§ Your objective:
Look for the line that has "this 1512×1344 image." in the material below; please repeat it and every line after it, exactly, up to and including the line that has "this 1333×1126 image.", and nothing else.

§ Data for processing:
——————————
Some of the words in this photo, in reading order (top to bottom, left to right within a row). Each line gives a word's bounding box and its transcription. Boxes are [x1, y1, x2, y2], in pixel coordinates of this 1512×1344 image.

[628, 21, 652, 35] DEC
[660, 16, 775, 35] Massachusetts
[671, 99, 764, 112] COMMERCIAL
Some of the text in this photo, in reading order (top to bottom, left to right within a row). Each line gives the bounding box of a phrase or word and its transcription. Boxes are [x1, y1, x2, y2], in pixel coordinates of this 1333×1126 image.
——————————
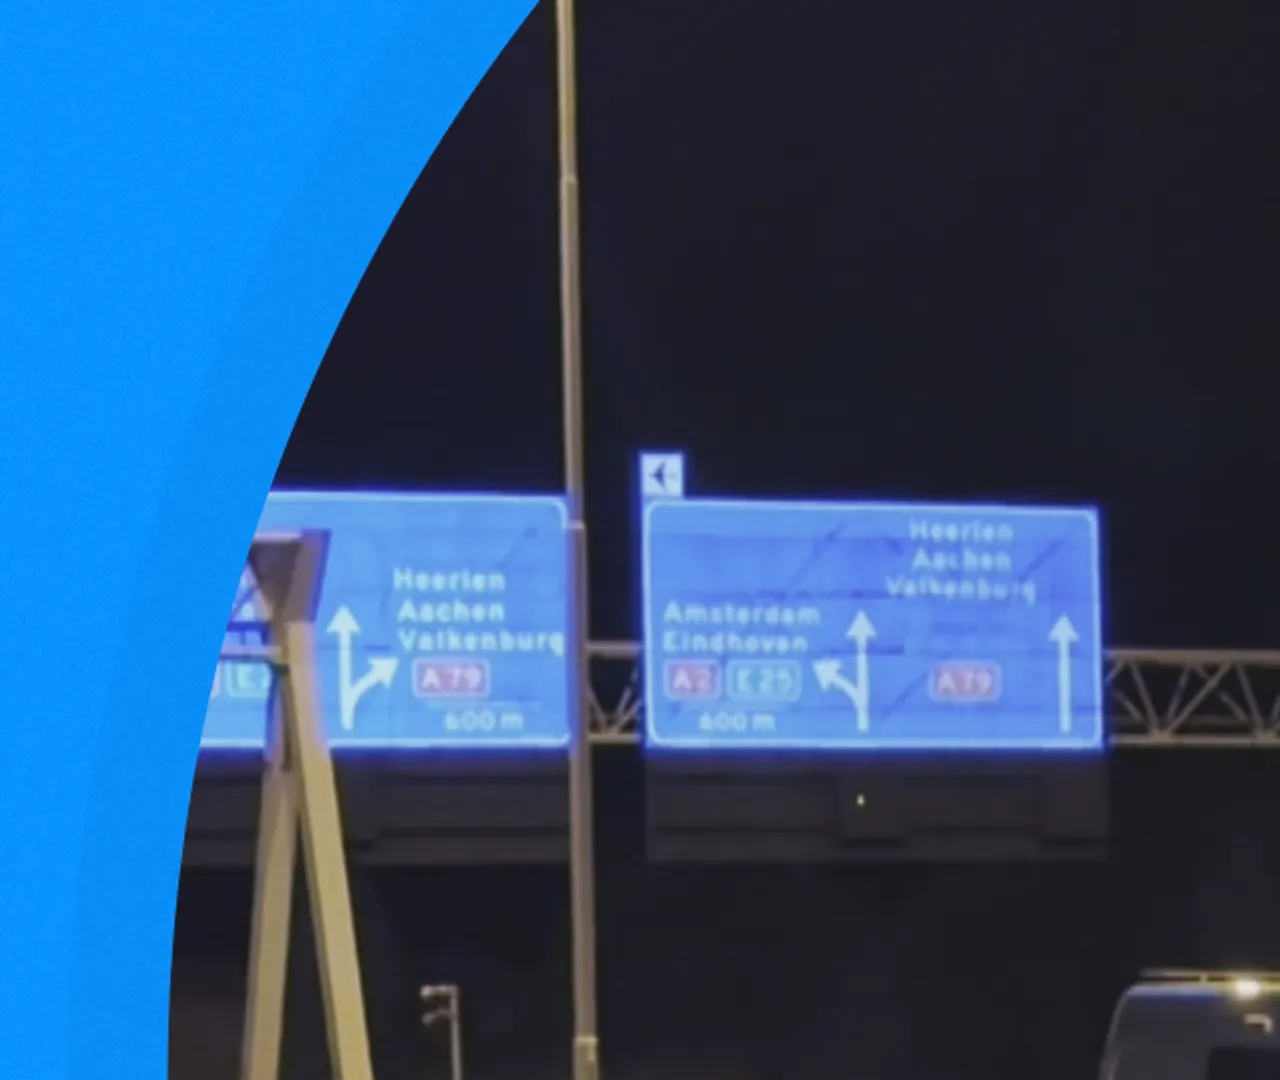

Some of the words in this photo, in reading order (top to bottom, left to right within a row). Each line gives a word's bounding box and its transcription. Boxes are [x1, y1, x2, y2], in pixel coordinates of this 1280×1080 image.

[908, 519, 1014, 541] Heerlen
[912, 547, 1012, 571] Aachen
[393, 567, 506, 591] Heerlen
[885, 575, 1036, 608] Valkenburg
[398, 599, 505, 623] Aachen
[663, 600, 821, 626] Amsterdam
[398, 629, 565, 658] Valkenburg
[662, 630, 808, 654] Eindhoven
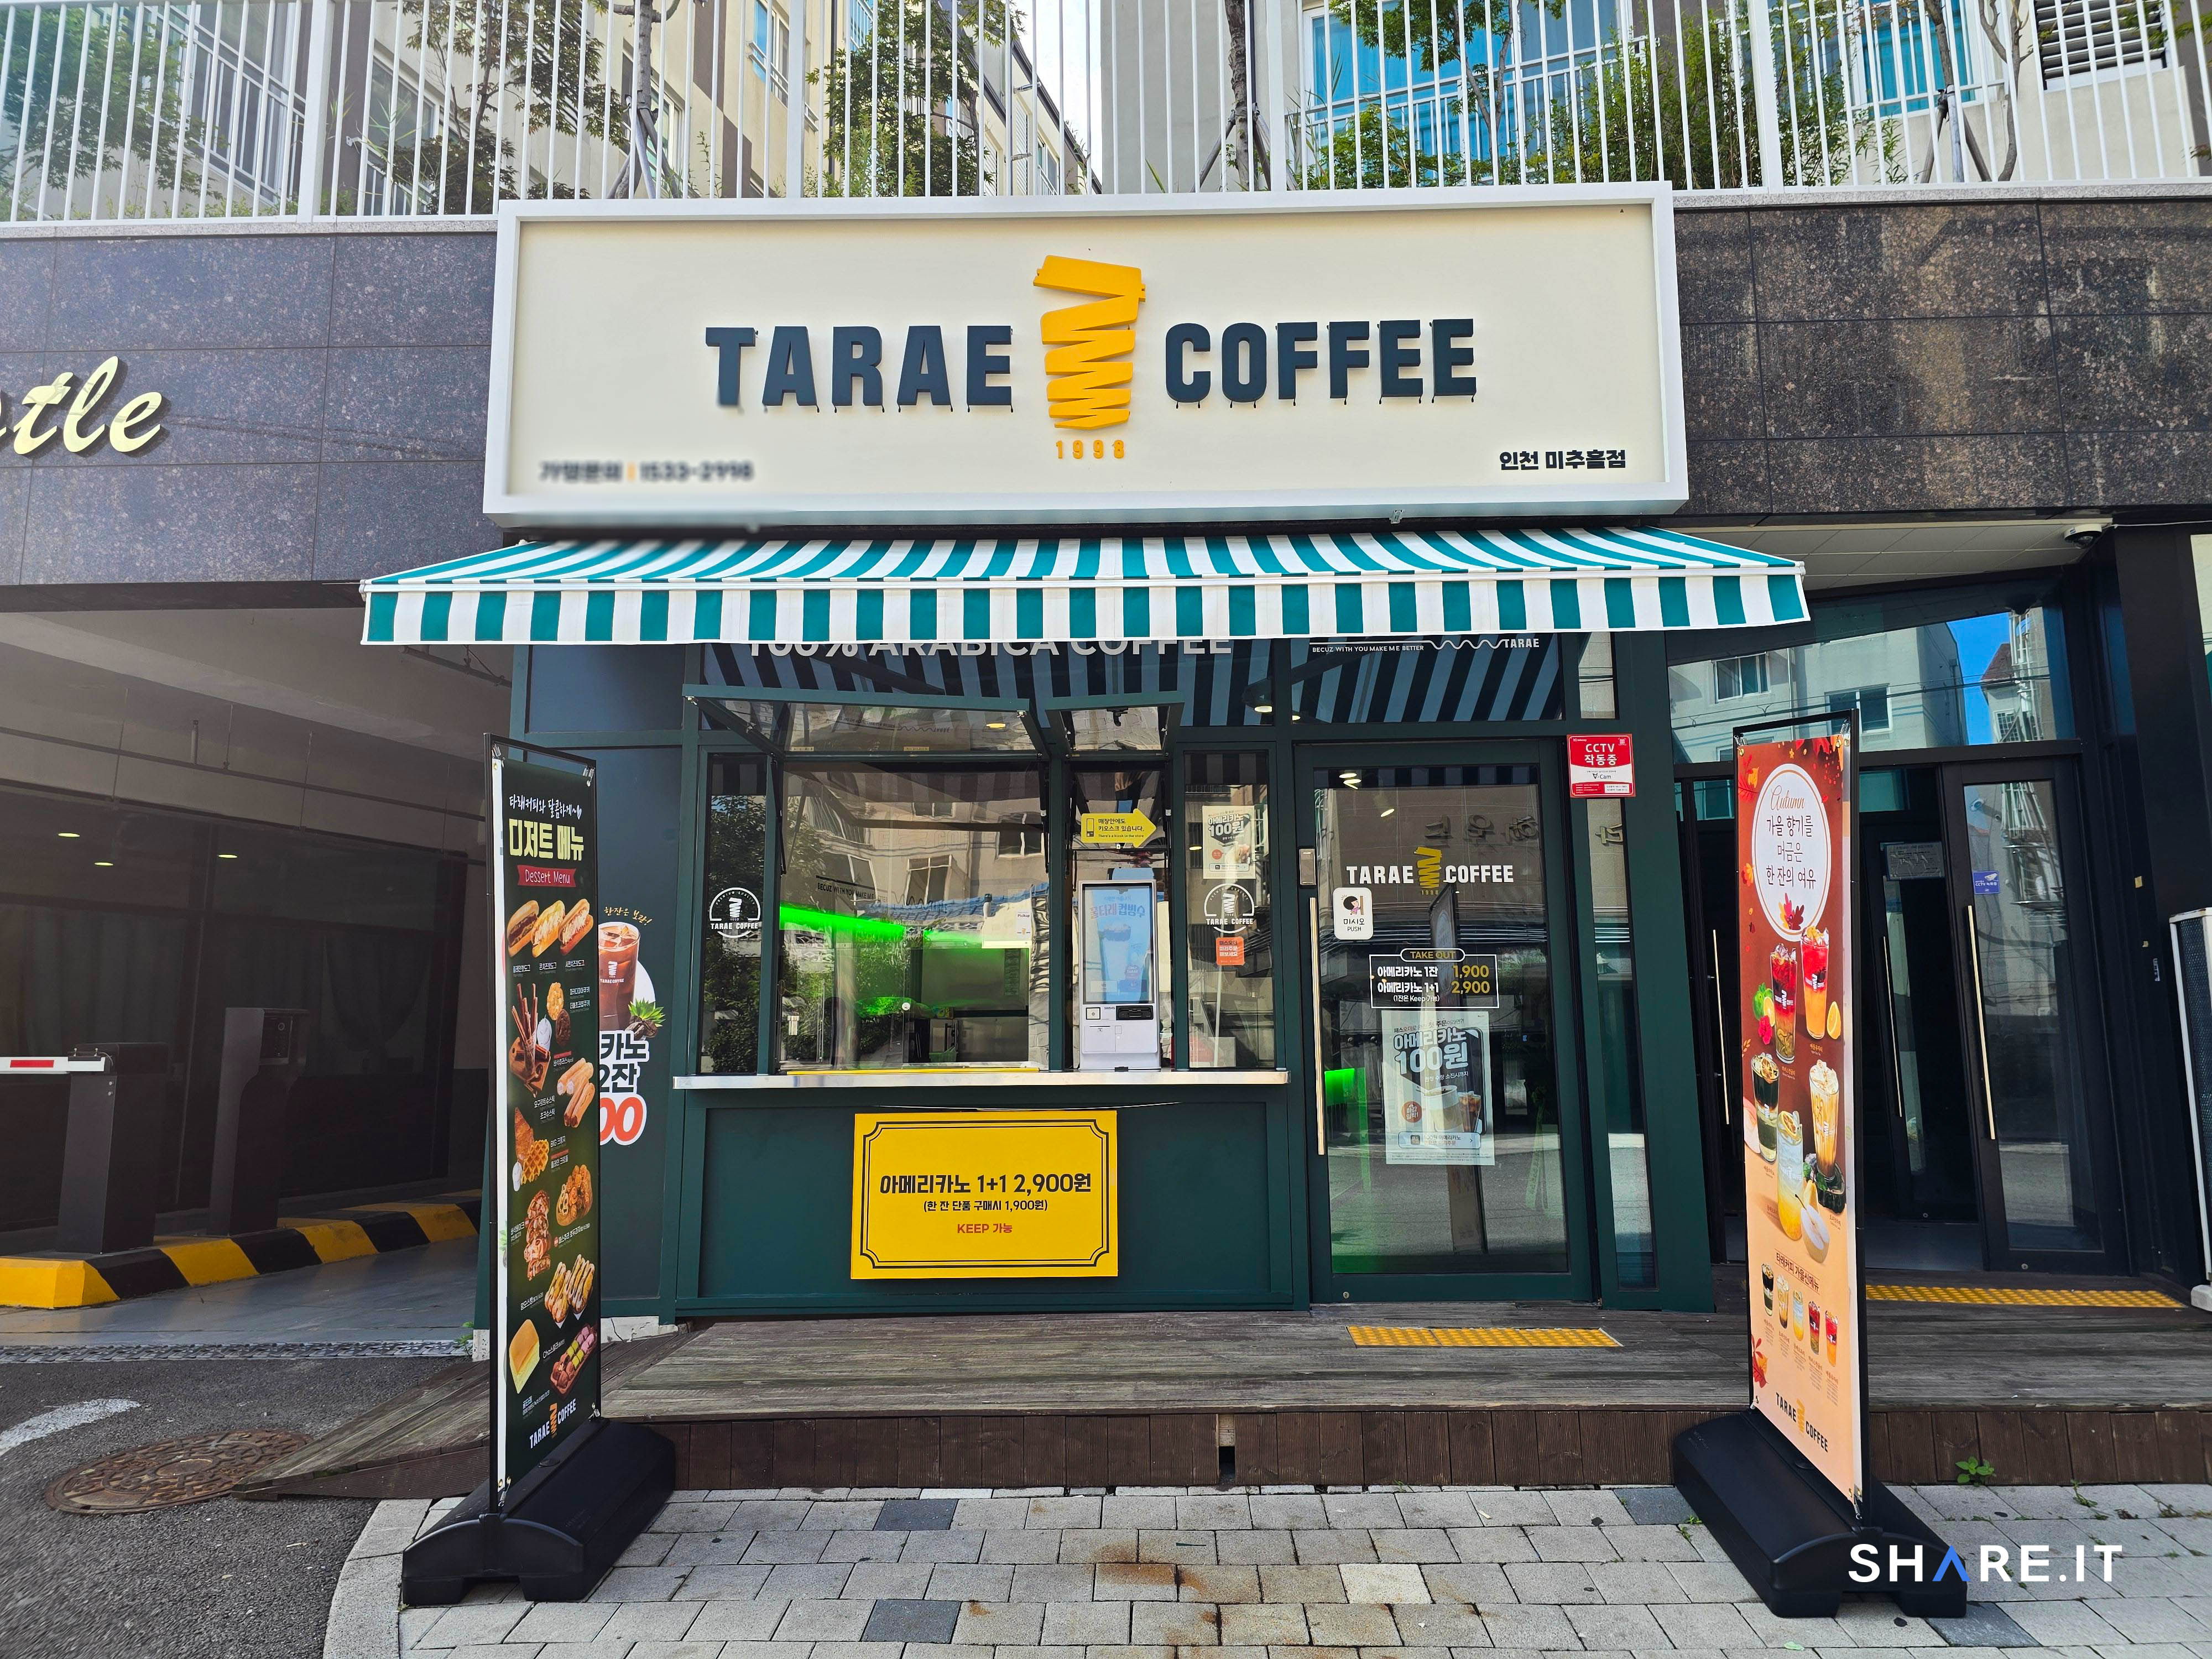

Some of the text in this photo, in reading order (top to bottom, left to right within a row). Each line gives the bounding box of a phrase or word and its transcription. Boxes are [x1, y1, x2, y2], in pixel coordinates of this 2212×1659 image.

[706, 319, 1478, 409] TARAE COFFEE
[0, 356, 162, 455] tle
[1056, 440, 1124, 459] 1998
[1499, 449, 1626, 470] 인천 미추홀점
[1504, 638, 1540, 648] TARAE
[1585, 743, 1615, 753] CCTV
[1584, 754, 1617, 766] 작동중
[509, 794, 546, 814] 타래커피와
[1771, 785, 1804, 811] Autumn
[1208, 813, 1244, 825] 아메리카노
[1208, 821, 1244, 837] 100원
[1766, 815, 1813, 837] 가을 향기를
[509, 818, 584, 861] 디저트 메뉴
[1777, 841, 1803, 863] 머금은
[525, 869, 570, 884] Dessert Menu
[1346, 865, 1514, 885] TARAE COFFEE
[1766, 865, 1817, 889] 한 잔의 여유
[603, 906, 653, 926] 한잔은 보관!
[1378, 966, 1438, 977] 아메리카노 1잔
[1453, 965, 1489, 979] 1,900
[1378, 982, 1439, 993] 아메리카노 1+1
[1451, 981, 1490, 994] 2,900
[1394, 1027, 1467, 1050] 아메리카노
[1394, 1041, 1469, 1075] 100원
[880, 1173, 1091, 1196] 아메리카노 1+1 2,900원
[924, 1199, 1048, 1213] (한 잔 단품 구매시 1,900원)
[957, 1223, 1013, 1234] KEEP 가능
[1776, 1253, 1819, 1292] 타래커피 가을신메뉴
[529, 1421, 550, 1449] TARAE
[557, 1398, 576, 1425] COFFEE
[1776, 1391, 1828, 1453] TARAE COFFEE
——————————
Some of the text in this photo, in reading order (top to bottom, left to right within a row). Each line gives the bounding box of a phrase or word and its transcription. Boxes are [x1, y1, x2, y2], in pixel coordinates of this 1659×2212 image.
——————————
§ Worked solution:
Some of the words in this photo, in reading order (top to bottom, left to right within a row). Each line gives a word's bounding box and its transcription. Boxes are [x1, y1, x2, y2], in pixel coordinates of this 1512×1344 image.

[628, 21, 652, 35] DEC
[660, 16, 775, 35] Massachusetts
[671, 99, 764, 112] COMMERCIAL
Some of the text in this photo, in reading order (top to bottom, left to right within a row). Each line gives the bounding box of a phrase or word and its transcription. Boxes are [x1, y1, x2, y2], in pixel coordinates of this 1333×1126 image.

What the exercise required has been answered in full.